Naomi Conrad, Berlin February 6, 2015

Iraq's prime minister says the "Islamic State" can be defeated this year - but only with the international community’s help. And, Haider al-Abadi adds, "Iraq is open for business." DW's Naomi Conrad reports from Berlin.

Haider al-Abadi and Angela Merkel walking in front of troops (Foto: Hannibal Hanschke/Reuters)
Image: Reuters/H. Hanschke

Standing under the glittering chandeliers of one of Berlin's luxury hotels, a few steps from a trestle table loaded with books and pamphlets on Germans fighting with extremist groups in the Middle East, Iraqi Prime Minister Haider al-Abadi told a room full of diplomats, politicians and journalists on Friday evening that his country could defeat the self-proclaimed "Islamic State," also known as IS or ISIL, within the year. "We won't rest until we retake the whole of the country."

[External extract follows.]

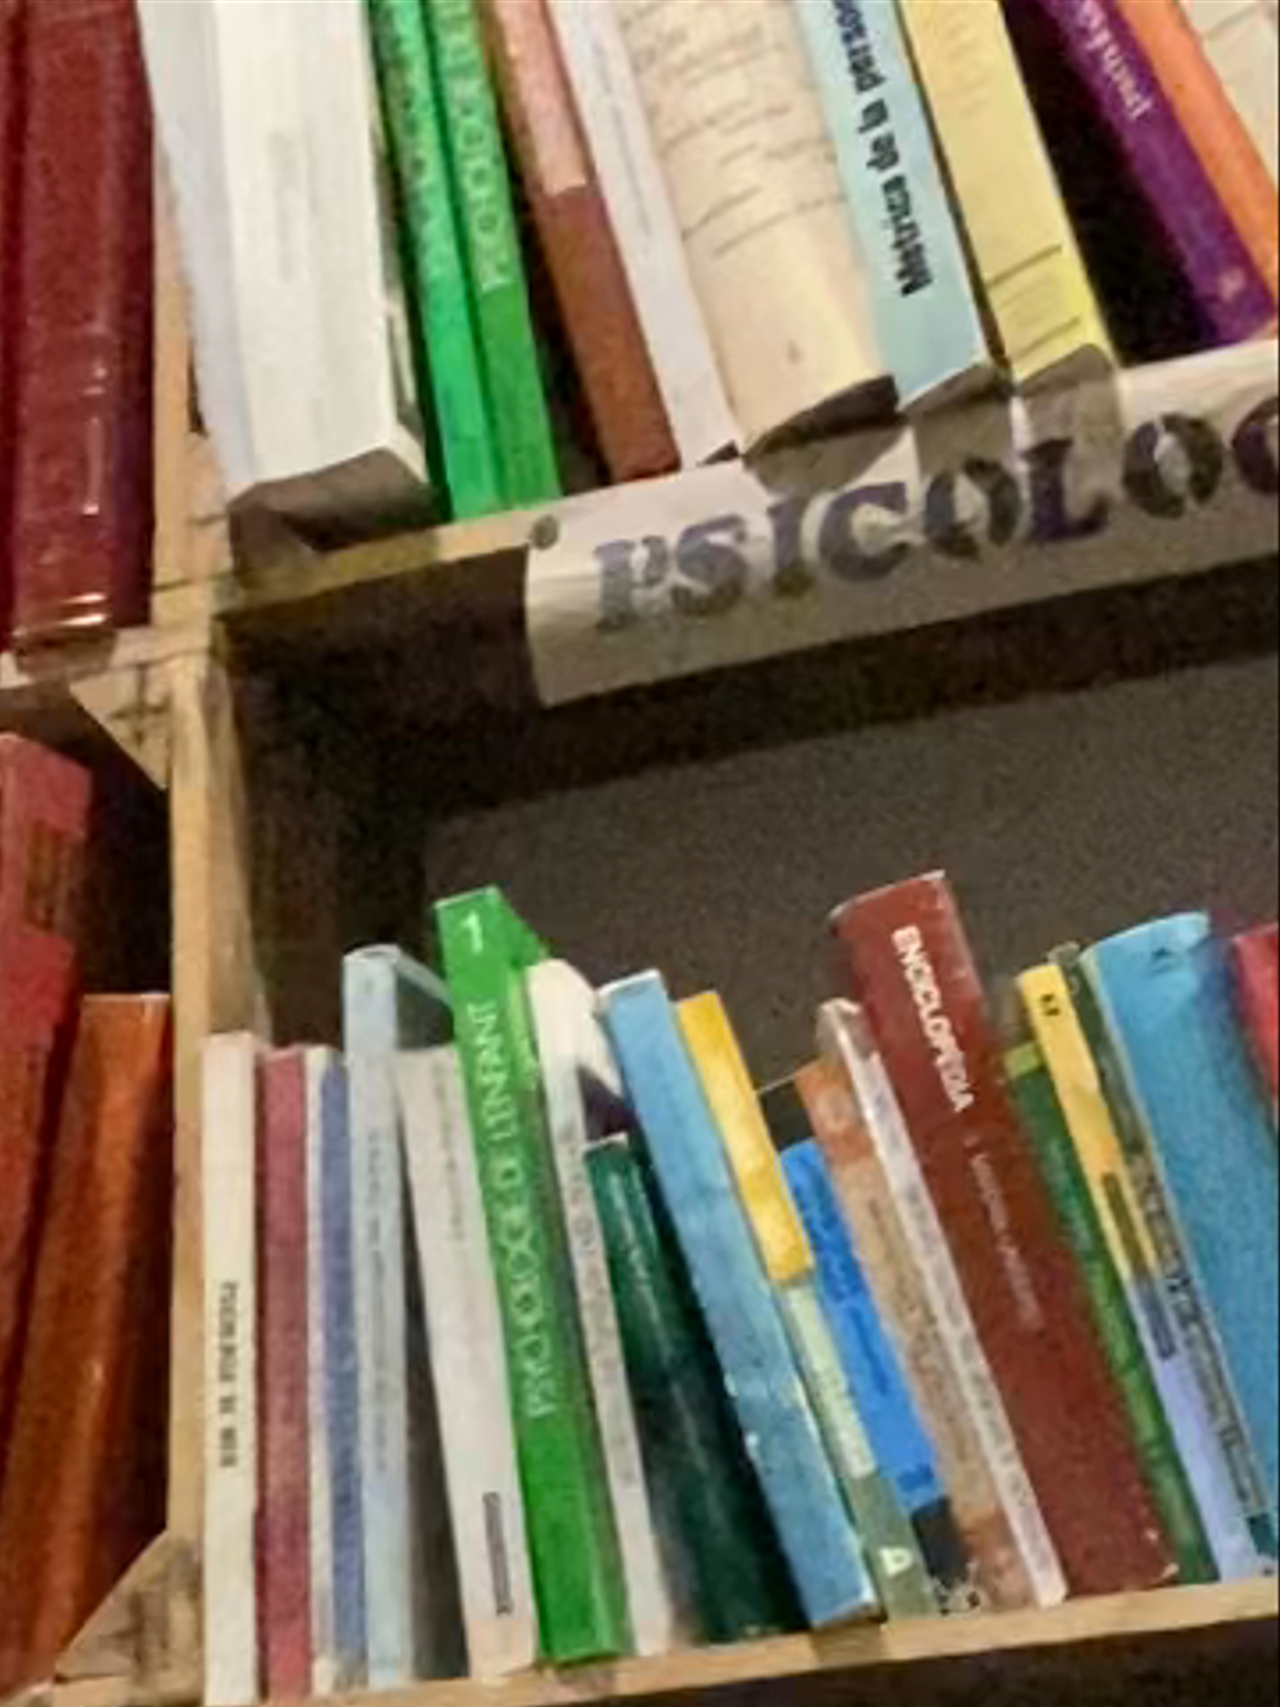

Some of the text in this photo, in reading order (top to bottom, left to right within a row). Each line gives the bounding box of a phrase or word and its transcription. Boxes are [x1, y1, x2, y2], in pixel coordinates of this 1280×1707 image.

[832, 0, 887, 94] perso
[459, 910, 484, 954] 1
[892, 926, 973, 1112] ENCICLOPÉDIA

But, he said as a cameraman inched closer, Iraq desperately needed the international community's support. "On our own, we cannot sustain the fight for victory," said al-Abadi, who returned from exile in Britain in 2003 and took over as prime minister last September.

Without weapons and air support, the war against the Sunni Islamists who now control wide swathes of both Syria and Iraq, including important Iraqi oil fields, would turn into a "war of attrition," al-Abadi added. As the war dragged on, ever more recruits were joining the extremists, he warned, many of them from Europe. "We are seeing more and more international fighters coming to Iraq."

IS fighters captured Mosul in JuneImage: ap

Plea for high-tech equipment

His country, he said, needed high-tech equipment to be able to gather intelligence inside the IS-controlled areas and track fighters, as well as training on how to deal with improvised explosive devices, often referred to as IEDs. "Daesh," he said, using the Arabic acronym for IS, often placed IEDs on roads, and Iraqi soldiers "are almost using their hands" to neutralize them.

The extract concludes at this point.